Pull down技术的基本原理是将一种蛋白质固定于某种基质上（如Sepharose），但细胞抽提液经过该基质时，可与该固定蛋白相互作用的配体蛋白被吸附，而没有被吸附的“杂质”则随洗脱液流出。

被吸附的蛋白可以通过改变洗脱液或洗脱条件而回收下来。通过pull down技术可以确定已知的蛋白与钓出蛋白或已纯化的相关蛋白间的相互作用关系，从体外转录或翻译体系中检测出蛋白相互作用关系。

GST-pull down的主要原理是利用DNA重组技术将已知蛋白与GST融合，而融合蛋白通过GST与固化在载体上的GTH（谷胱甘肽）亲和结合。我们把GSH与琼脂糖交联形成GSH琼脂糖珠，就能够将带有GST标签的诱饵蛋白固定，当体系中存在与诱饵蛋白有直接相互作用的靶标蛋白时，它就能够与微珠固相复合物结合而被“拉”下来。

二、GST-Pull down实验有哪些常见问题呢？如何解决？

1、GST-Pull down实验结果出现假阳性是为什么，怎么解决？

答：两种并不互作的DNA结合蛋白可能会因为DNA的存在而出现相互作用的假阳性结果，因此，在进行GST pull-down实验时，加入核酸酶的步骤十分必要。

2、影响GST-Pull down实验结果的因素有哪些，该如何解决？

答：（1）我们都知道，实验第一步是融合表达GST标签的融合蛋白，那么表达载体的选择便是一个重要因素。所以，在进行载体选择时，要考虑到载体表达蛋白量的高低、是否能被诱导剂诱导表达等因素，在这里常用的载体是pGEX-4T-1。

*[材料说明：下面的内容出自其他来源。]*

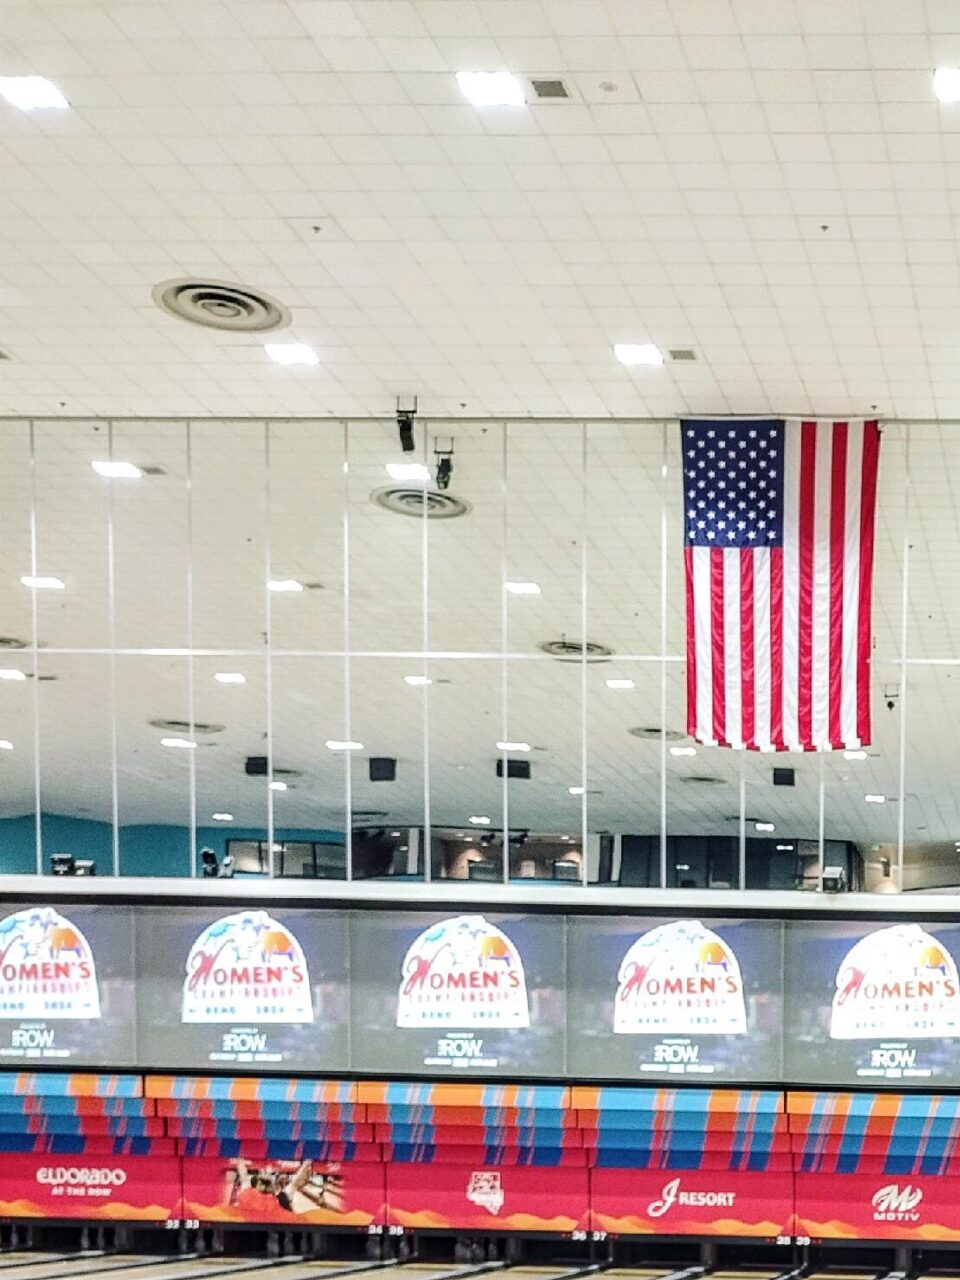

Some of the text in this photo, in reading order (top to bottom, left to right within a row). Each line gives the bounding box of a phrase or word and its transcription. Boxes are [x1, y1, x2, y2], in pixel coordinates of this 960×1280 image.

（2）在进行蛋白的诱导表达时，可溶性表达温度也是至关重要的一个因素。当温度过高，载体就容易形成包涵体，若复性不顺利，蛋白没有活性，会影响后续的实验。所以，建议进行一个诱导温度的摸索，常见的诱导温度在16℃~25℃。

（3）诱导时间也非常重要，细菌在对数生长期时，是最佳的添加诱导剂诱导表达的时间。诱导时间过长的话，诱导剂不会被细菌代谢，会一直进行蛋白的诱导表达过程。诱导剂的浓度、诱导的时间、培养的温度，这些因素都是综合影响着蛋白的表达结果。

3、同一批次提取的蛋白，胶跑出的条带都不一致，这是什么原因呢？ 

答：可能涉及几个原因：（1）拔梳子时胶错动，加入样本后渗入其他孔或漏出。因为内参表达高，可能不会显示出差异。（2）加入样本时不均匀也可能会产生误差。（3）制胶应保证均匀无气泡，玻璃板干净，这样才能保证结果一致可靠。

4、样品中的蛋白被蛋白酶降解怎么办？ 

答：样品中的蛋白被蛋白酶降解，这种时候建议操作过程中添加蛋白酶抑制剂，有条件的话，全程在4℃环境下操作，可缓解样品中蛋白降解的情况。